Please give again every entry exactly as it appears, setting aside the pictures.

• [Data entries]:
- - - - - - -
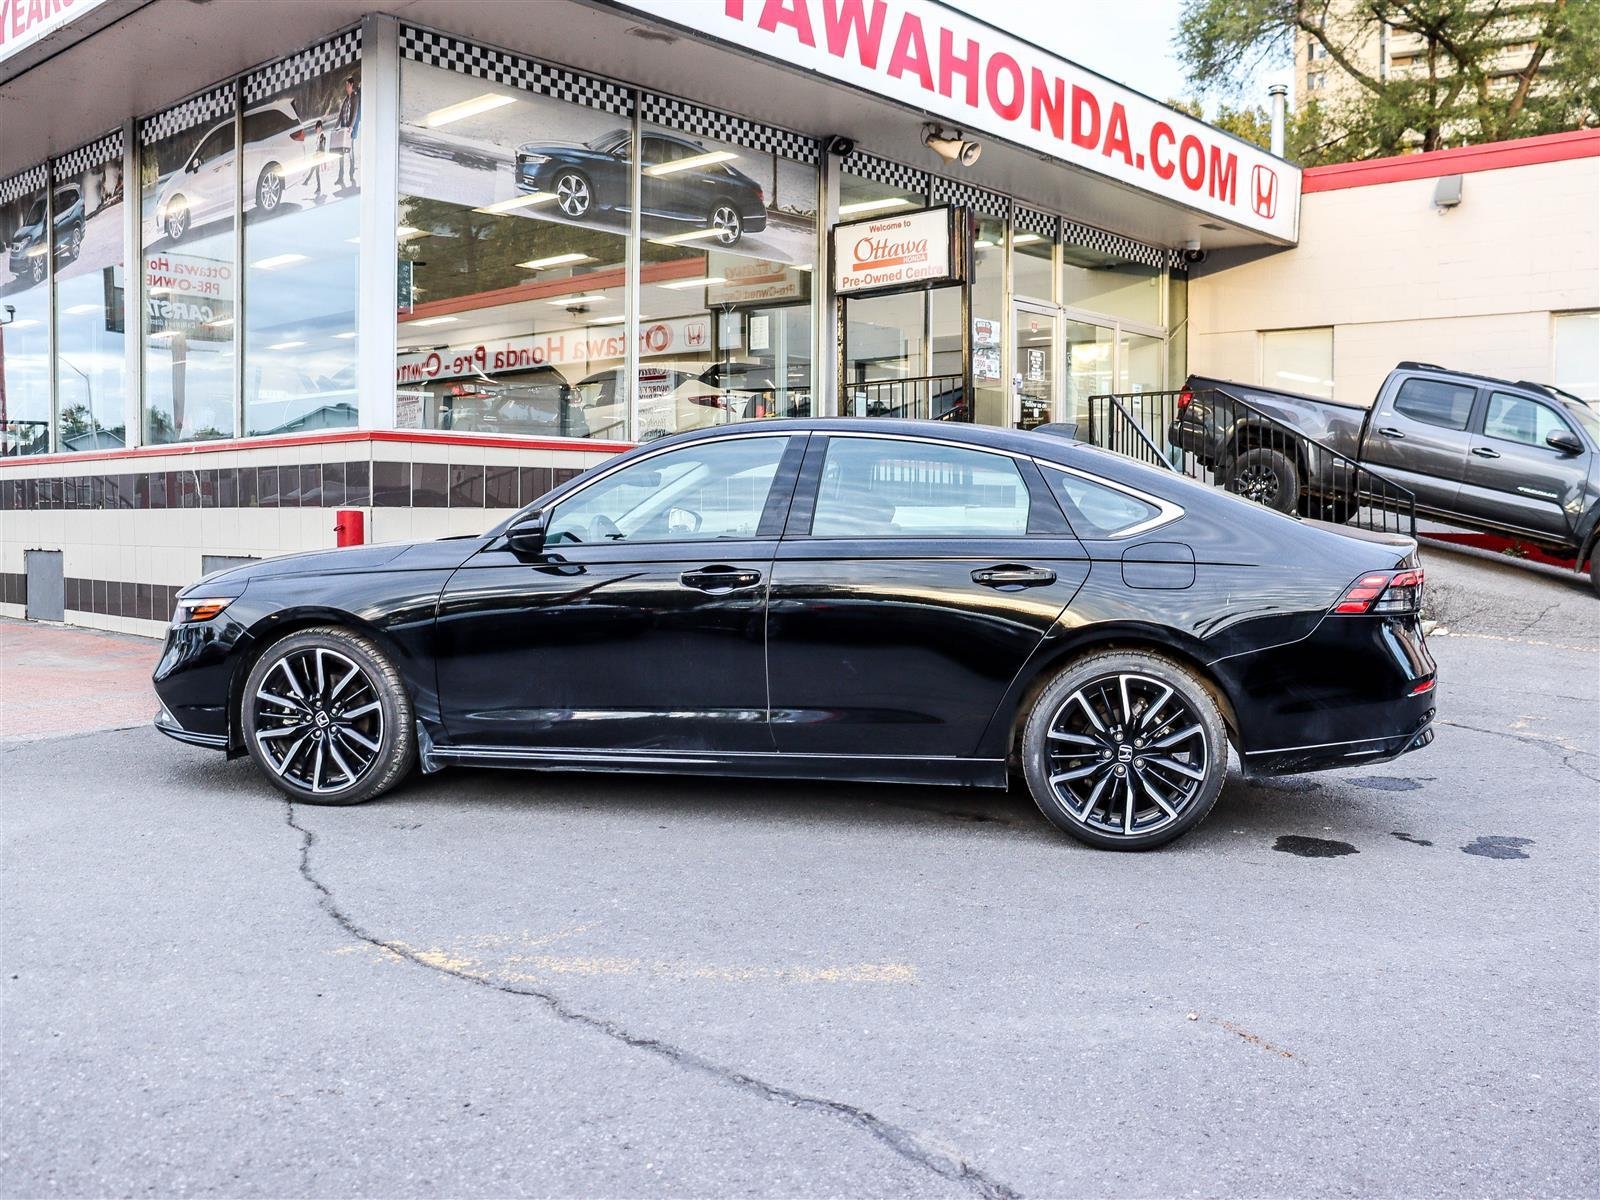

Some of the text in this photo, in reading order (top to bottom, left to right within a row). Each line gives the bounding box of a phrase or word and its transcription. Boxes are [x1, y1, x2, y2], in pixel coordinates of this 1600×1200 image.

[0, 0, 74, 45] YEA
[725, 0, 1238, 207] AWAHONDA.COM
[869, 220, 911, 233] Welcome to
[853, 237, 928, 262] Ottawa
[842, 265, 944, 287] Pre-Owned Centre
- - - - - - -
• [Written answer]:
Some of the text in this photo, in reading order (top to bottom, left to right within a row). Each line gives the bounding box of a phrase or word and its transcription. Boxes are [x1, y1, x2, y2], in pixel coordinates of this 1600×1200 image.

[0, 0, 74, 45] YEA
[725, 0, 1238, 207] AWAHONDA.COM
[869, 220, 911, 233] Welcome to
[853, 237, 928, 262] Ottawa
[842, 265, 944, 287] Pre-Owned Centre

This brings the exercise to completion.